→ **Exercise aim**
The goal is an unaltered copy of the records below, minus any images.

→ **Source records**
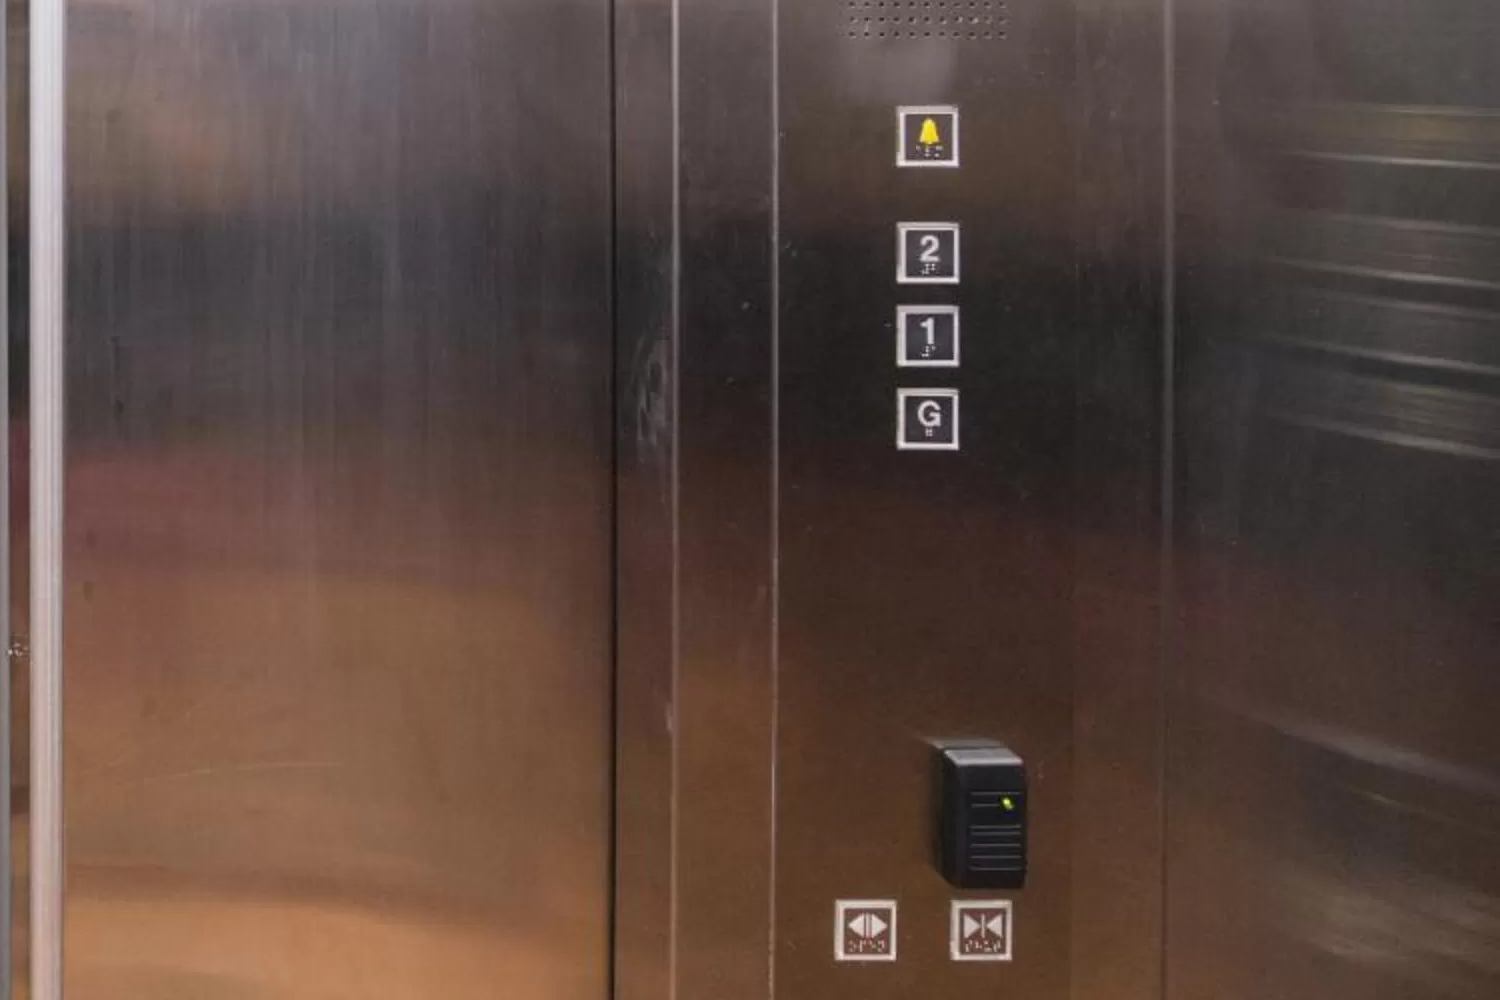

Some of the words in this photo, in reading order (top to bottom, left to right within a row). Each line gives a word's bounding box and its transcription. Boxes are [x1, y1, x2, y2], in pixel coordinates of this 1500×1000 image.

[920, 235, 940, 263] 2
[920, 317, 935, 344] 1
[917, 400, 941, 427] G
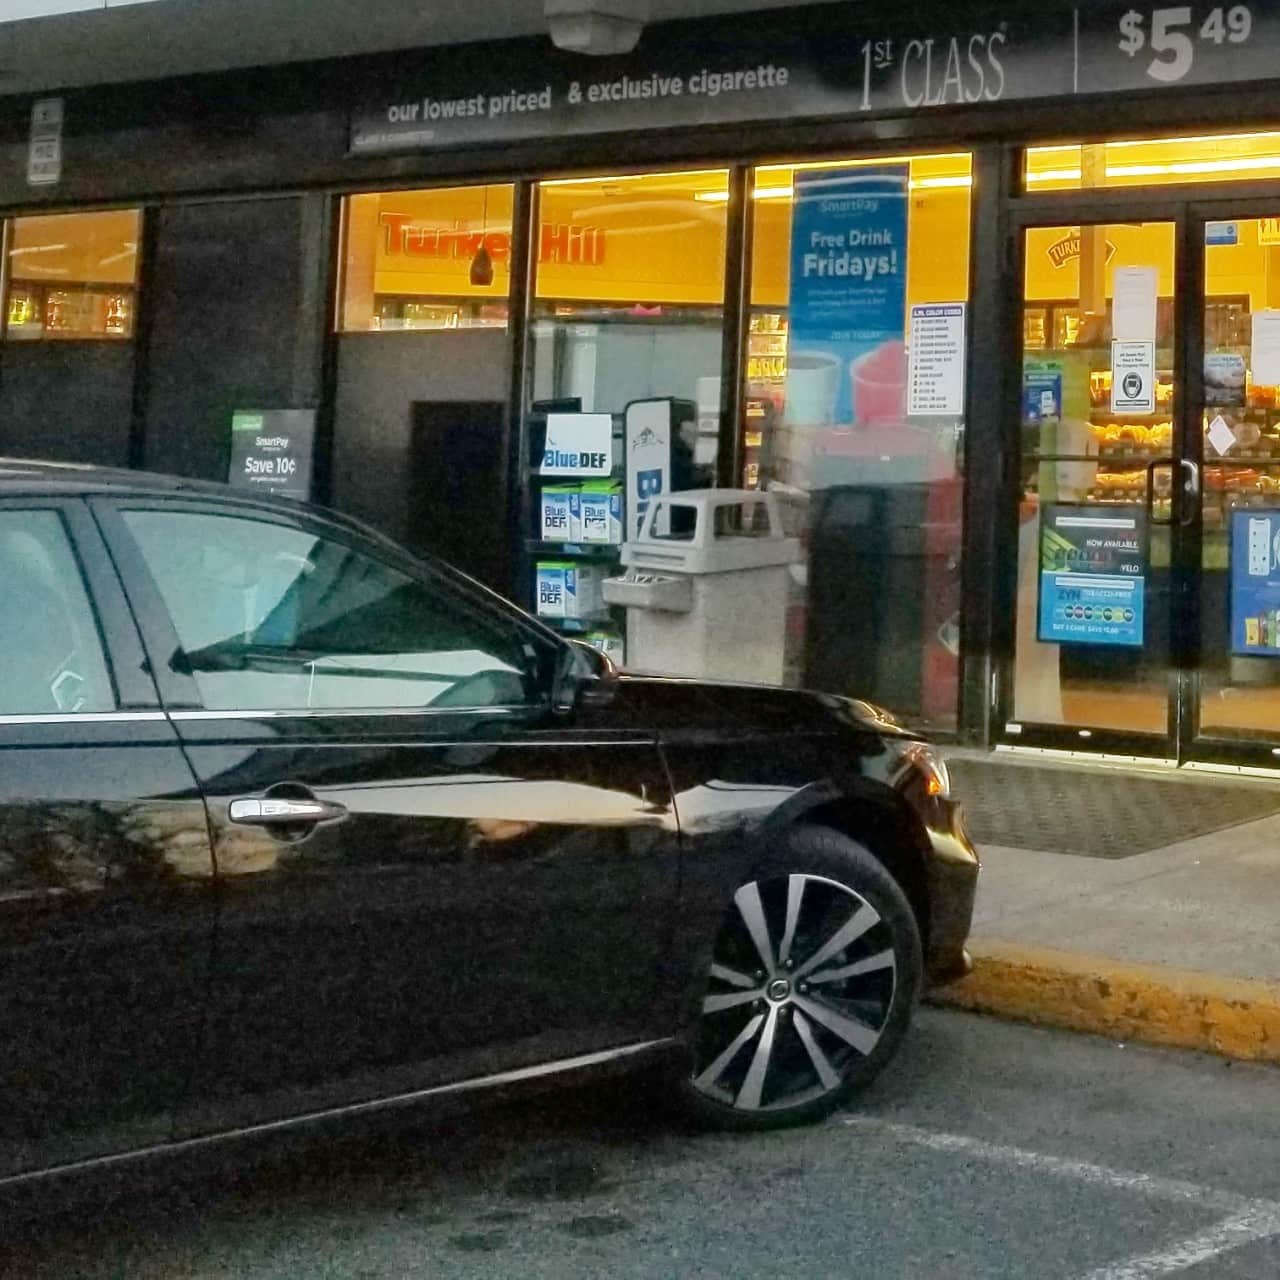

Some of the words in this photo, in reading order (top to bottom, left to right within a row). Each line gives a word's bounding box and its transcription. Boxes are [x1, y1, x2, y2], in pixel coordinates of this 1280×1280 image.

[901, 32, 1006, 108] CLASS
[387, 104, 419, 122] our
[423, 94, 484, 120] lowest
[489, 86, 552, 117] priced
[567, 81, 582, 104] &
[588, 72, 683, 103] exclusive
[688, 63, 789, 96] cigarette
[378, 211, 512, 266] Turke
[810, 230, 845, 248] Free
[848, 228, 893, 246] Drink
[803, 249, 898, 281] Fridays!
[255, 436, 289, 449] SmartPay
[244, 456, 274, 474] Save
[276, 457, 296, 476] 10¢
[544, 505, 567, 516] Blue
[584, 506, 606, 517] Blue
[544, 516, 567, 528] DEF
[539, 581, 561, 592] Blue
[539, 592, 562, 604] DEF

→ **Answer to this exercise**
Some of the words in this photo, in reading order (top to bottom, left to right within a row). Each line gives a word's bounding box and its transcription. Boxes are [x1, y1, x2, y2], in pixel coordinates of this 1500×1000 image.

[920, 235, 940, 263] 2
[920, 317, 935, 344] 1
[917, 400, 941, 427] G

Some of the words in this photo, in reading order (top to bottom, left to right within a row). Each line gives a word's bounding box and its transcription. Boxes are [x1, y1, x2, y2], in pixel coordinates of this 1280×1280 image.

[901, 32, 1006, 108] CLASS
[387, 104, 419, 122] our
[423, 94, 484, 120] lowest
[489, 86, 552, 117] priced
[567, 81, 582, 104] &
[588, 72, 683, 103] exclusive
[688, 63, 789, 96] cigarette
[378, 211, 512, 266] Turke
[810, 230, 845, 248] Free
[848, 228, 893, 246] Drink
[803, 249, 898, 281] Fridays!
[255, 436, 289, 449] SmartPay
[244, 456, 274, 474] Save
[276, 457, 296, 476] 10¢
[544, 505, 567, 516] Blue
[584, 506, 606, 517] Blue
[544, 516, 567, 528] DEF
[539, 581, 561, 592] Blue
[539, 592, 562, 604] DEF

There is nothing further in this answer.